Arrests and traffic stops are plummeting across the Twin Cities, while the number of people locked in Hennepin and Ramsey county jails has dropped by nearly half.
In a matter of weeks, the coronavirus has brought profound changes to how communities are policed, who is prosecuted and who goes to prison — creating an opportunity for reforms that local civil rights groups and criminal justice activists say are long overdue.
Michelle Gross, of the group Communities United Against Police Brutality, said organizations like hers have for years called for some of the changes now being considered, including pulling back on arrests for nonviolent crimes like burglaries and drug offenses.
"This is a good opportunity for us to really learn what happens by necessity when we can't follow the old paradigms," she said. "We can think about things like restorative justice, not jailing people who have not been proven guilty of any crimes, things of that nature."
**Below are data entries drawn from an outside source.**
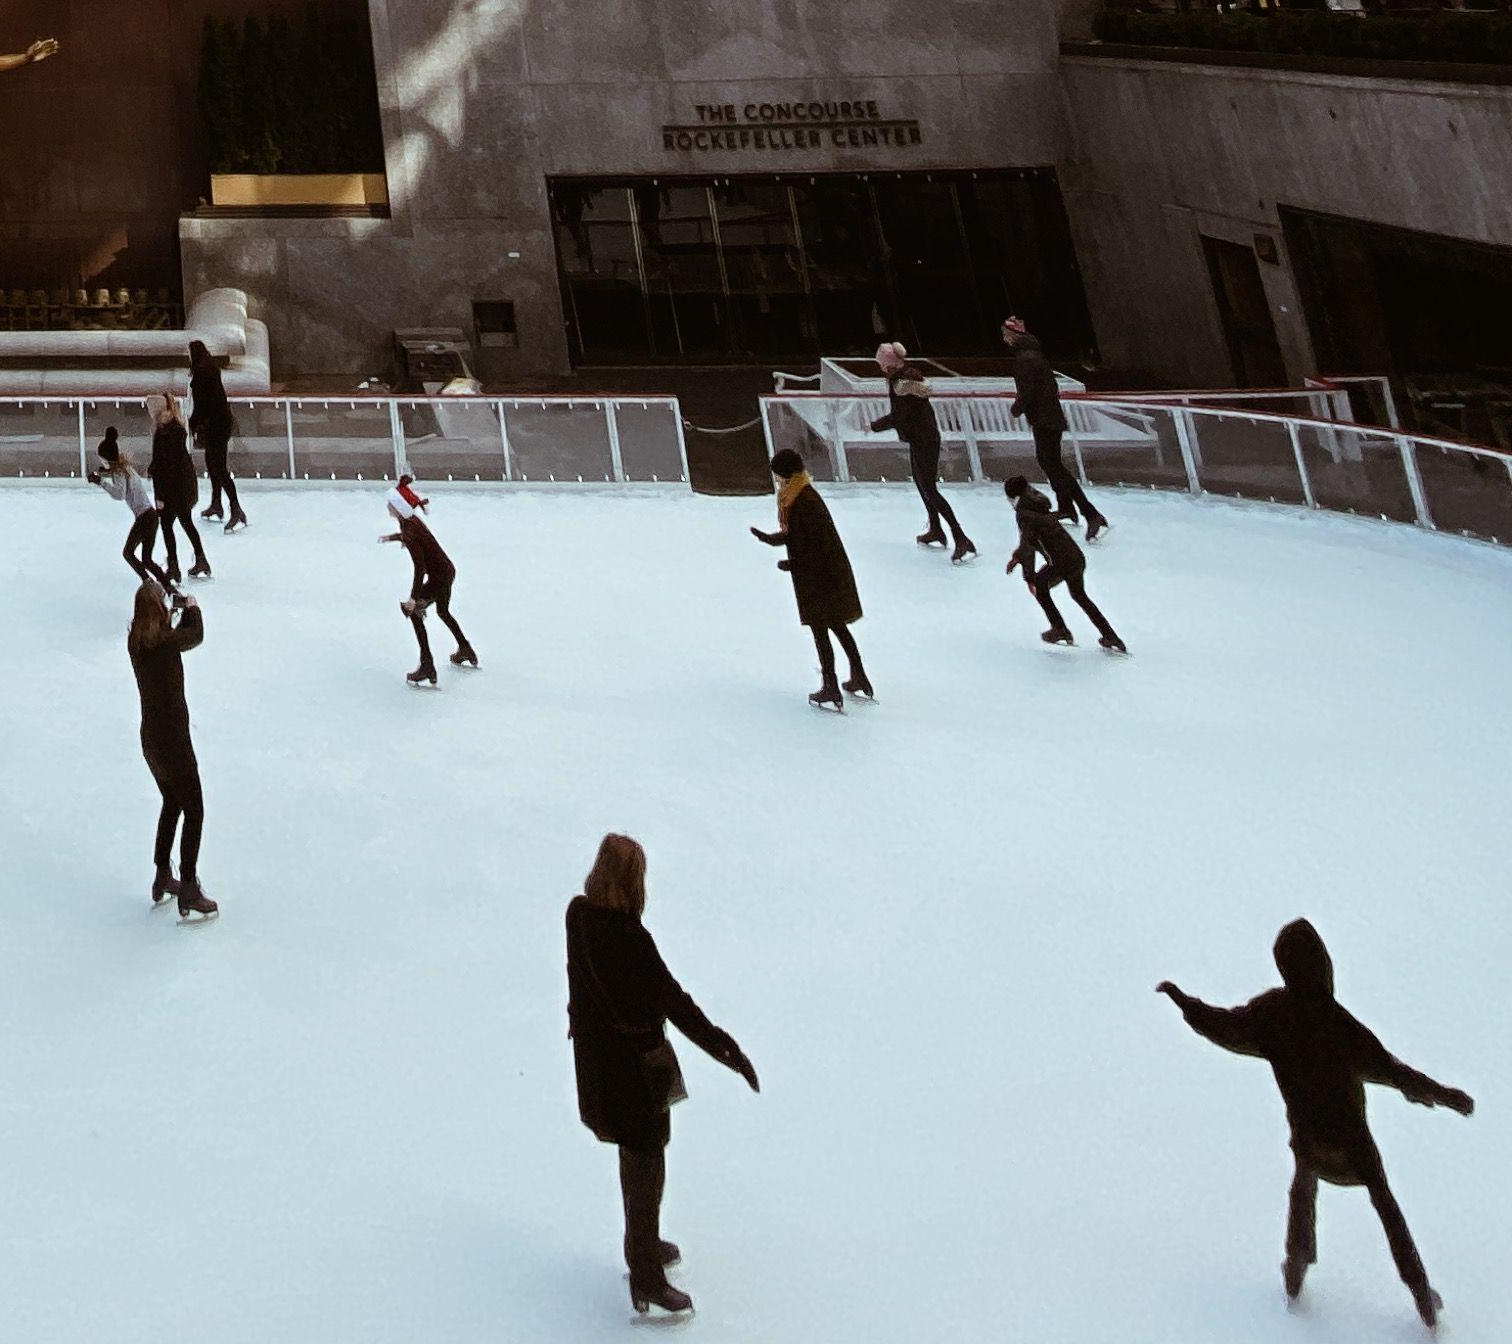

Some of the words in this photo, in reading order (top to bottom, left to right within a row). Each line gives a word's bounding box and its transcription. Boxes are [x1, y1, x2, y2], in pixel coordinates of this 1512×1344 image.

[694, 103, 737, 122] THE
[743, 100, 881, 121] CONCOURSE
[662, 129, 821, 152] ROCKEFELLER
[831, 126, 923, 149] CENTER
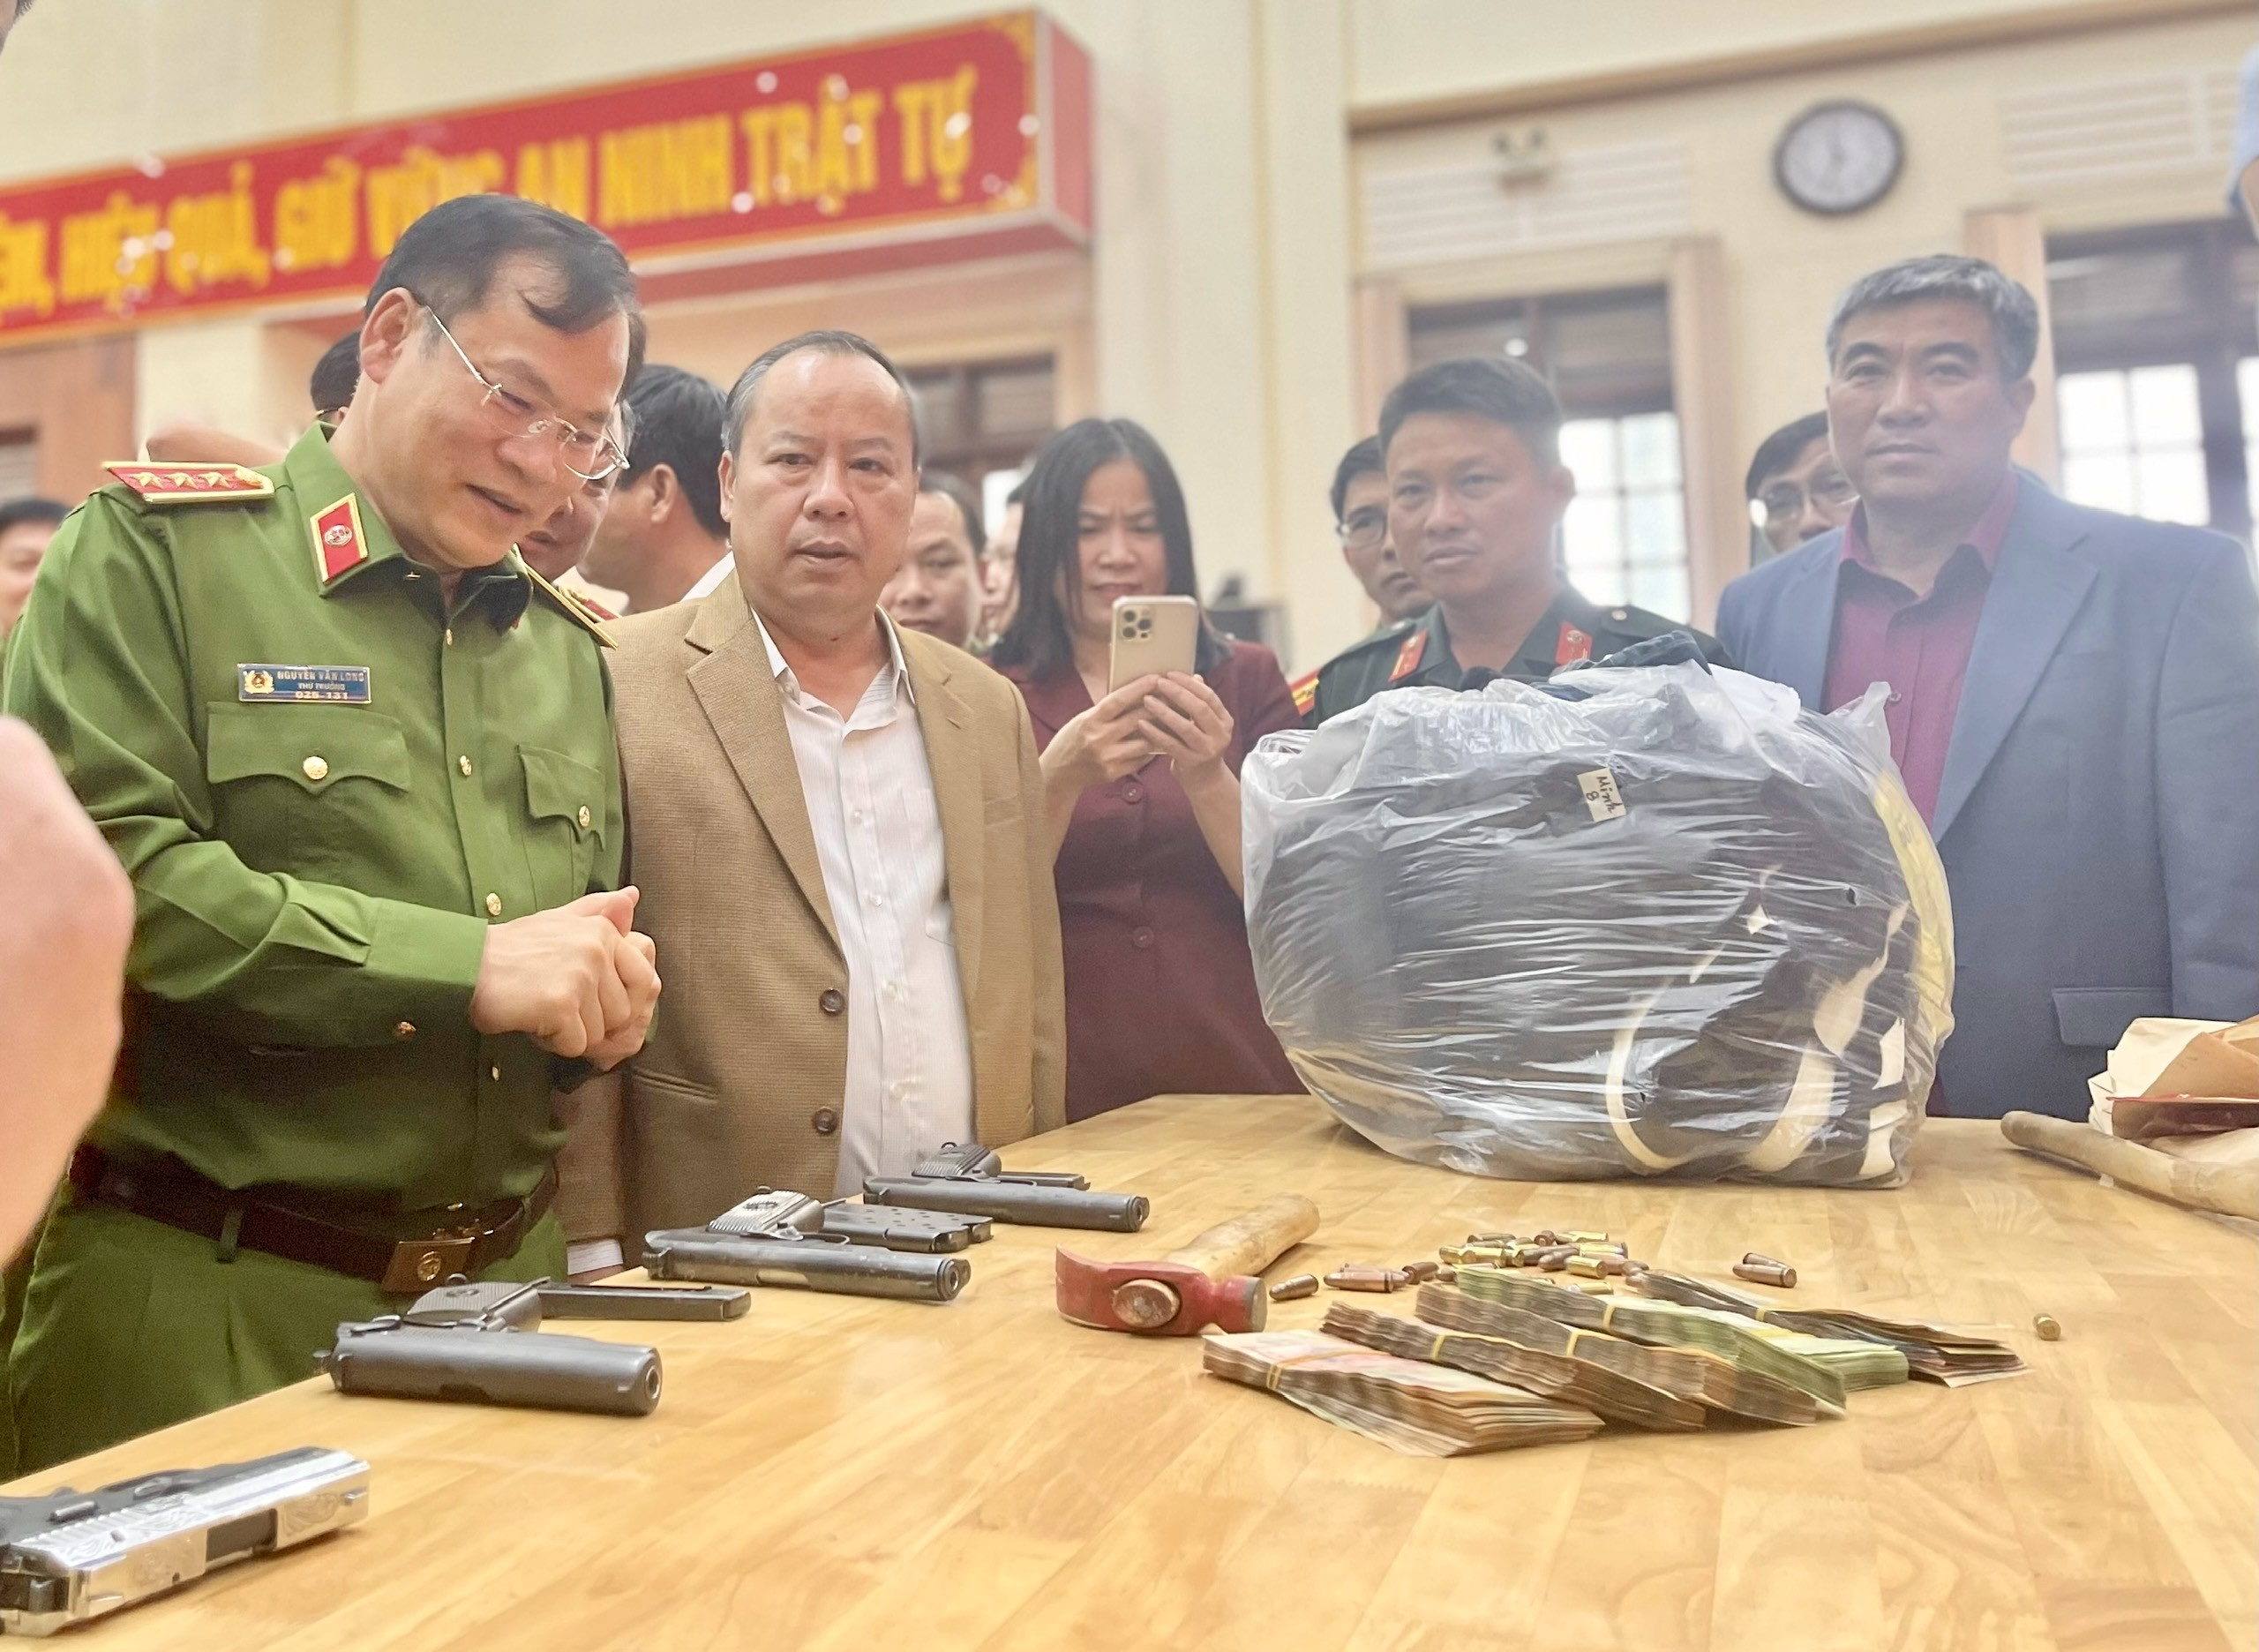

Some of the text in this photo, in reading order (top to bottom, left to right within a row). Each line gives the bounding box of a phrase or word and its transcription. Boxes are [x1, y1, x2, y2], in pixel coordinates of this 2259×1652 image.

The transformations come as COVID-19 has disrupted police and court systems across the nation, forcing officials to take unprecedented steps to combat its spread.
Minneapolis leaders said last month that while officers would enforce the statewide stay-at-home order, the focus would be on education, and police would make arrests only for violations that pose a threat to public health and safety. Other jurisdictions have adopted similar measures, with officers in Philadelphia and Chicago no longer issuing parking tickets in most cases, while Washington, D.C., police are giving verbal warnings to nonessential businesses and people who congregate in large numbers at parks and playgrounds.
At the same time, law enforcement groups in some parts of the country worry that the pullback in policing and release of inmates from jails could lead to more crime.
A review of Minneapolis police statistics showed violent and property crime arrests fell by nearly half over the four-week period ending April 14, when compared with the same period from five years ago.